● Task objective
The copy must match the data word for word and contain no pictures.

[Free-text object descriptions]
Segment Open

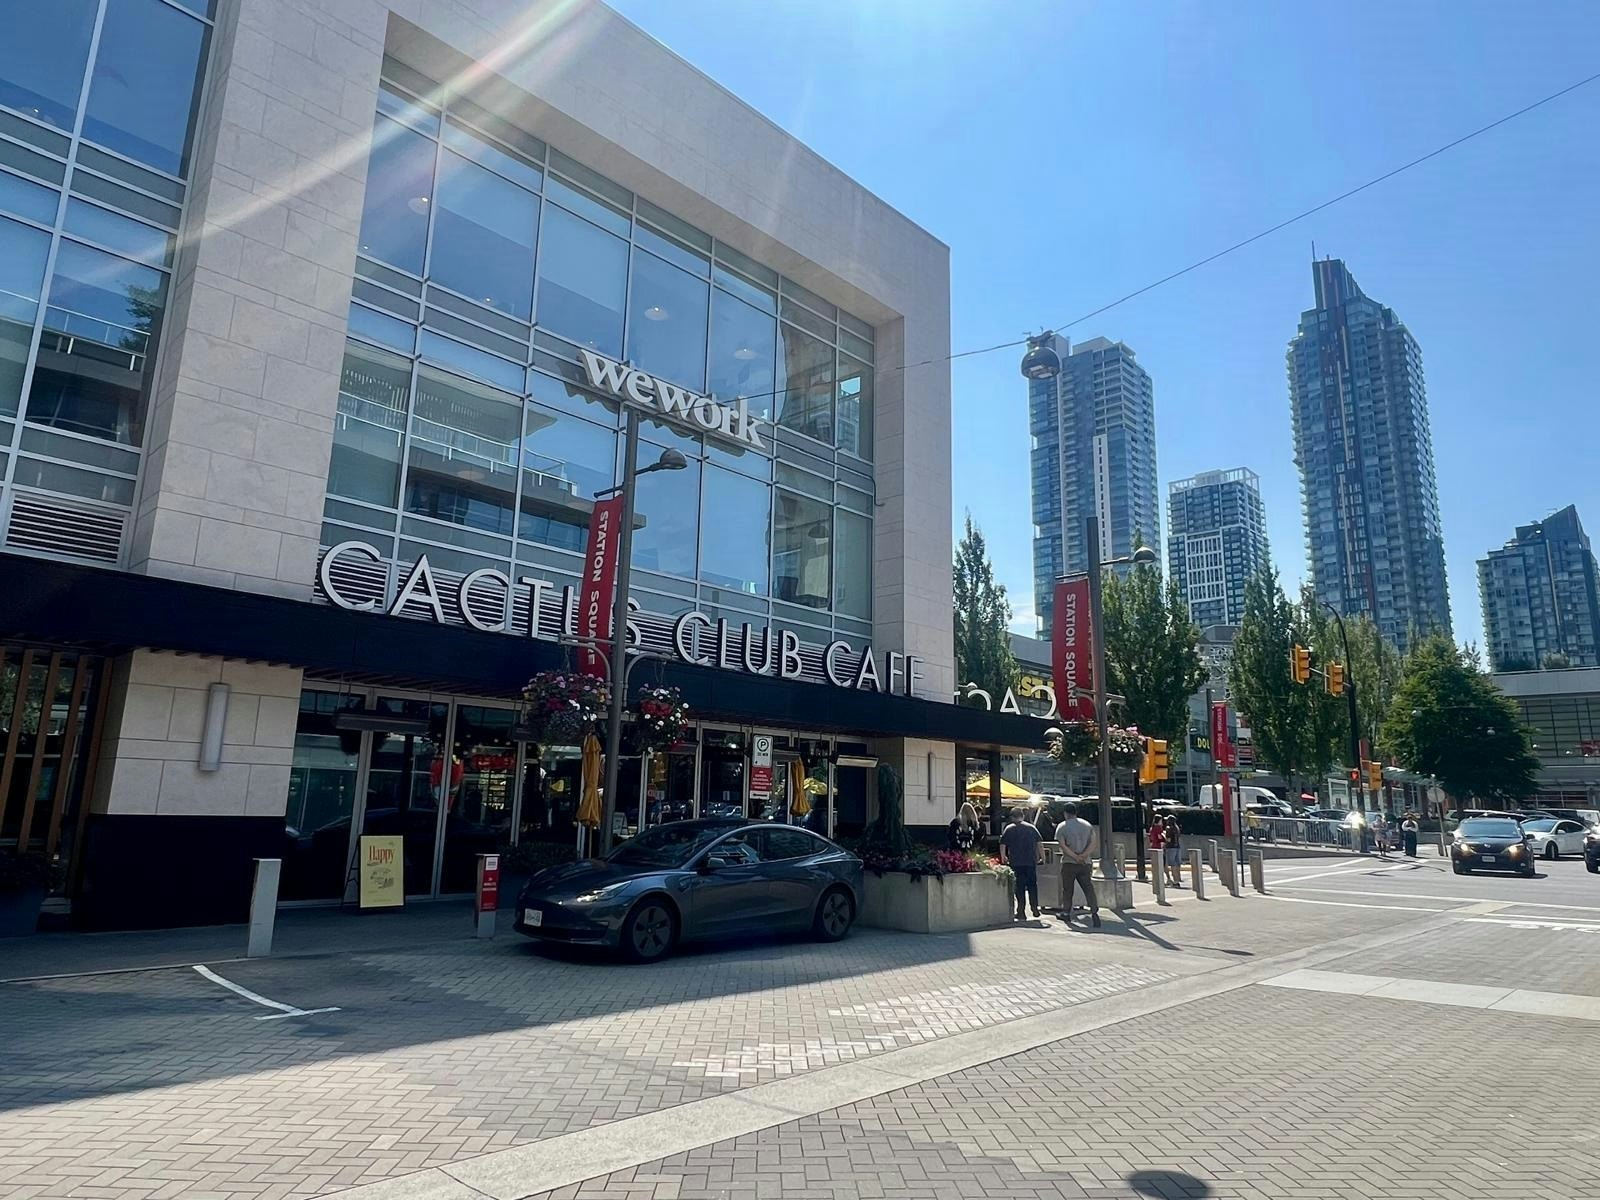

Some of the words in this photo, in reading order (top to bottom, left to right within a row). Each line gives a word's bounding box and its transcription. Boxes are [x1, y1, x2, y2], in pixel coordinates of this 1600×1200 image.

[581, 349, 766, 449] wework
[592, 510, 609, 583] STATION
[672, 611, 803, 678] CLUB
[1065, 593, 1077, 647] STATION
[1064, 651, 1078, 707] SQUARE
[369, 845, 394, 864] Happy
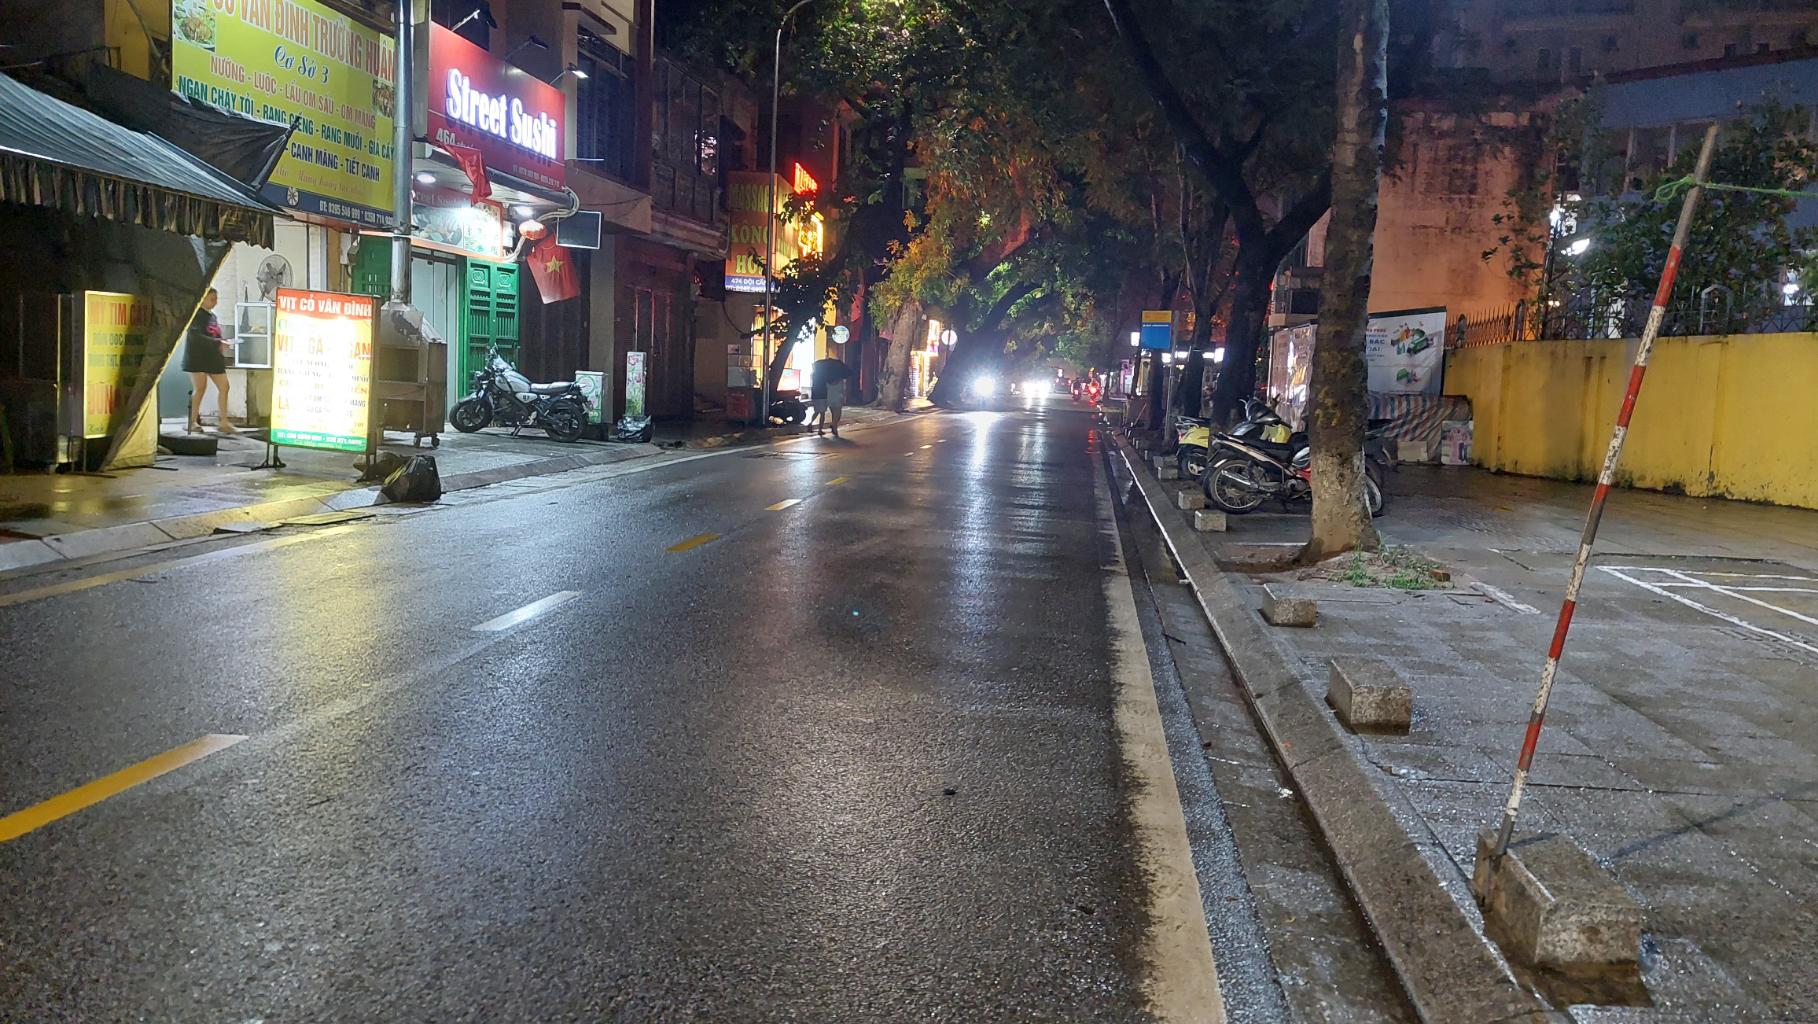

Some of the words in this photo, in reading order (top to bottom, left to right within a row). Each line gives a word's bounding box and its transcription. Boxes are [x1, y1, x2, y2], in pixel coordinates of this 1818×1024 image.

[321, 66, 329, 84] 3
[178, 75, 208, 102] NGAN
[303, 91, 316, 108] OM
[446, 67, 507, 139] Street
[509, 97, 557, 160] Sushi
[291, 143, 313, 163] CANH
[362, 162, 380, 182] CANH
[279, 296, 297, 312] VỊT
[300, 294, 315, 312] CỎ
[318, 298, 341, 315] VÂN
[344, 300, 372, 318] ĐÌNH
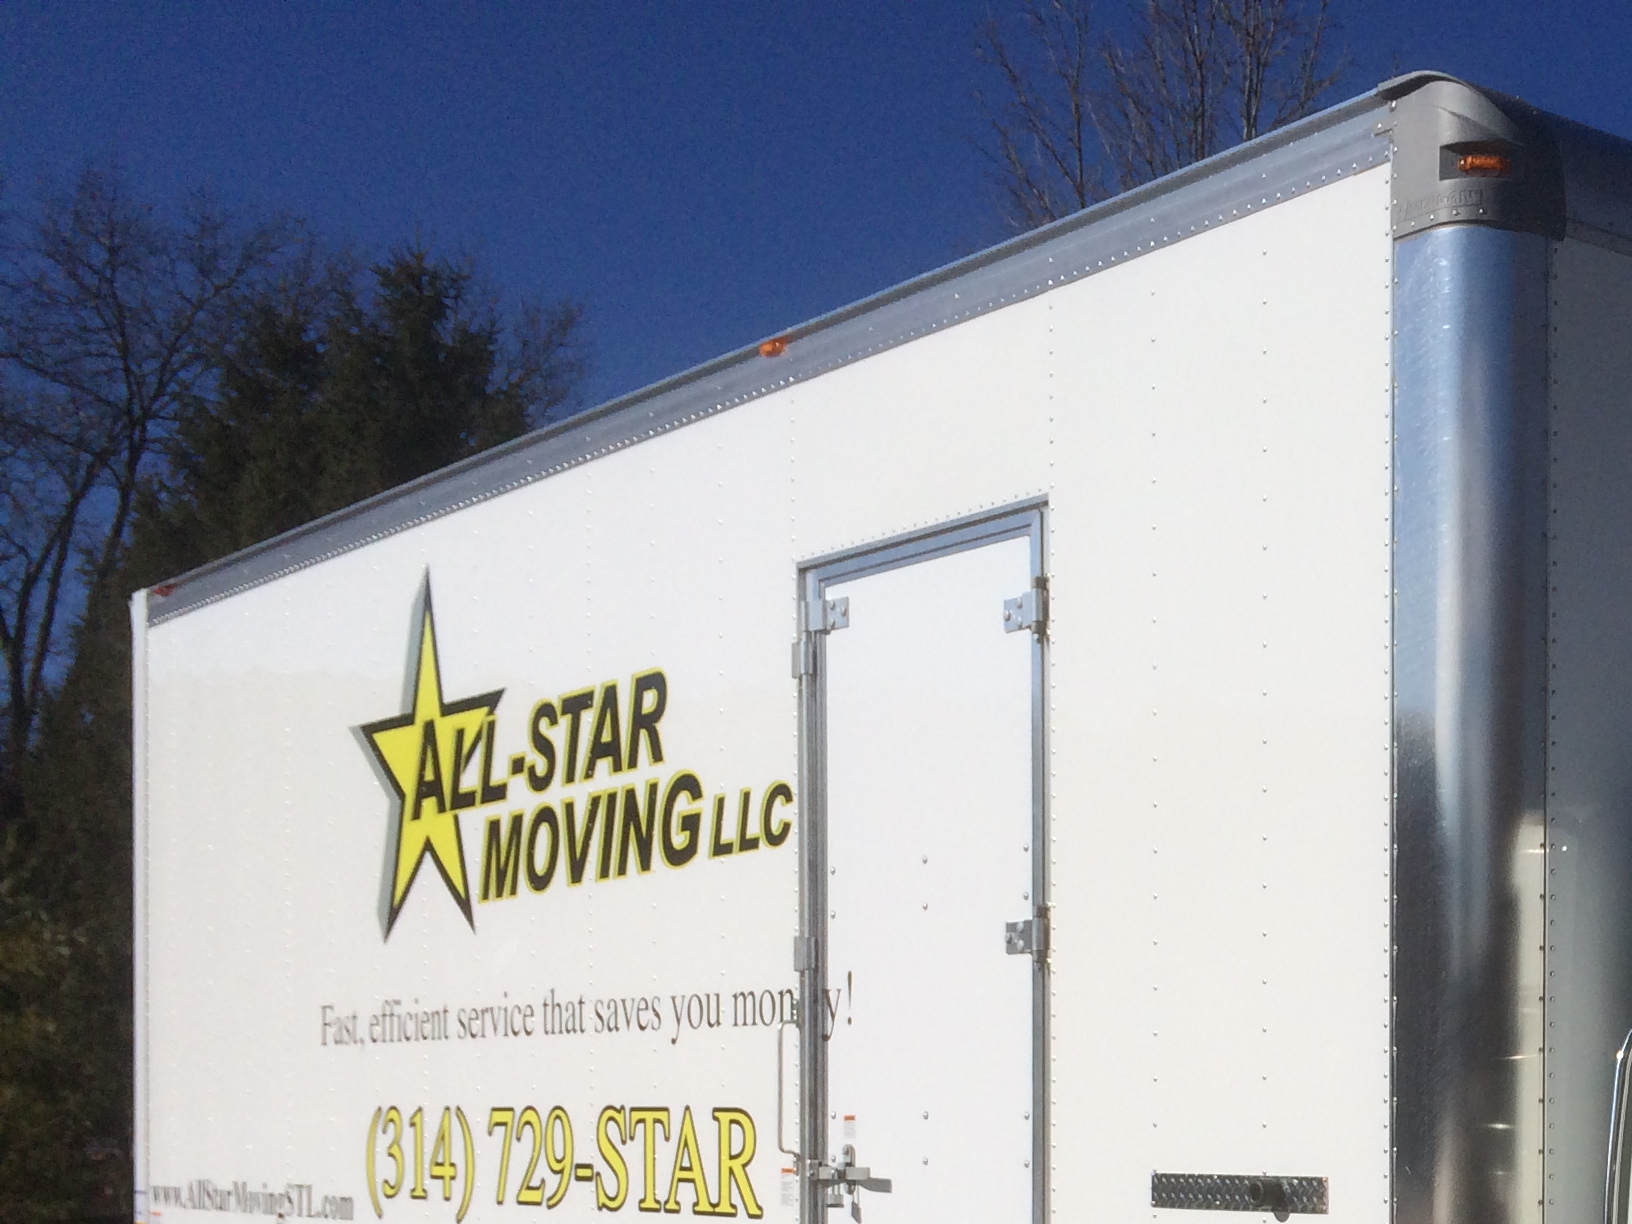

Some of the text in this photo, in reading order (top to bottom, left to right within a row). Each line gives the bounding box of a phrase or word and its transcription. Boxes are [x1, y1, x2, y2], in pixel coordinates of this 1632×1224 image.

[408, 667, 668, 822] ALL-STAR
[478, 769, 794, 904] MOVING LLC
[320, 971, 853, 1049] Fast, efficient service that saves you mony!
[366, 1104, 763, 1224] (314) 729-STAR
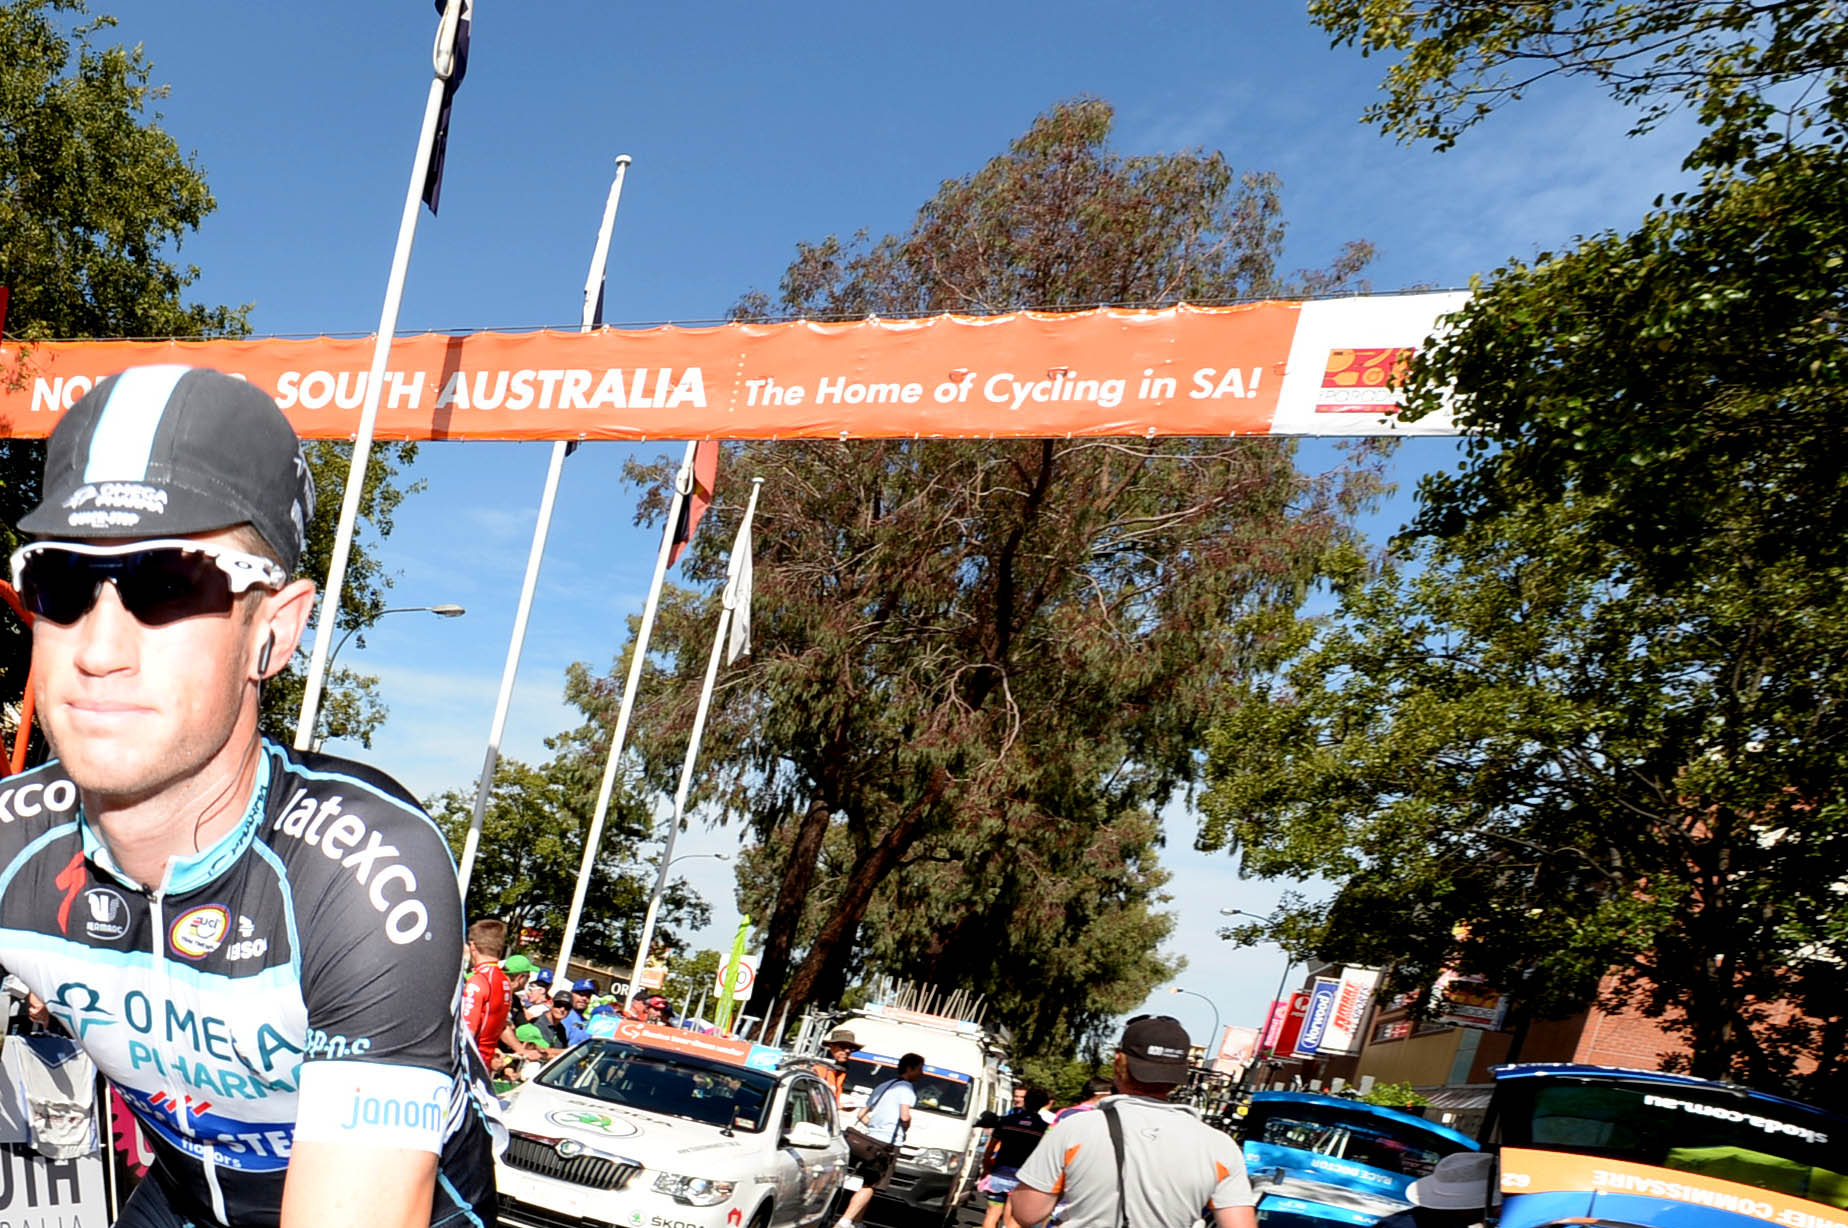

Segment Closed

● Reply to the task
Some of the words in this photo, in reading order (top to bottom, left to right within a row). Each line gives a word's bounding box and its transcription. Boxes are [x1, y1, x2, y2], in pixel coordinates of this 1600×1200 image.

[581, 349, 766, 449] wework
[592, 510, 609, 583] STATION
[672, 611, 803, 678] CLUB
[1065, 593, 1077, 647] STATION
[1064, 651, 1078, 707] SQUARE
[369, 845, 394, 864] Happy

Some of the words in this photo, in reading order (top to bottom, left to right within a row). Each line gives a word's bounding box and its transcription. Boxes are [x1, y1, x2, y2], in pixel coordinates of this 1818×1024 image.

[321, 66, 329, 84] 3
[178, 75, 208, 102] NGAN
[303, 91, 316, 108] OM
[446, 67, 507, 139] Street
[509, 97, 557, 160] Sushi
[291, 143, 313, 163] CANH
[362, 162, 380, 182] CANH
[279, 296, 297, 312] VỊT
[300, 294, 315, 312] CỎ
[318, 298, 341, 315] VÂN
[344, 300, 372, 318] ĐÌNH

Some of the text in this photo, in reading order (top to bottom, left to right within a row). Each line gives the bounding box of a phrase or word and its transcription. Boxes are [x1, y1, x2, y2], in pixel coordinates of this 1632×1224 image.

[408, 667, 668, 822] ALL-STAR
[478, 769, 794, 904] MOVING LLC
[320, 971, 853, 1049] Fast, efficient service that saves you mony!
[366, 1104, 763, 1224] (314) 729-STAR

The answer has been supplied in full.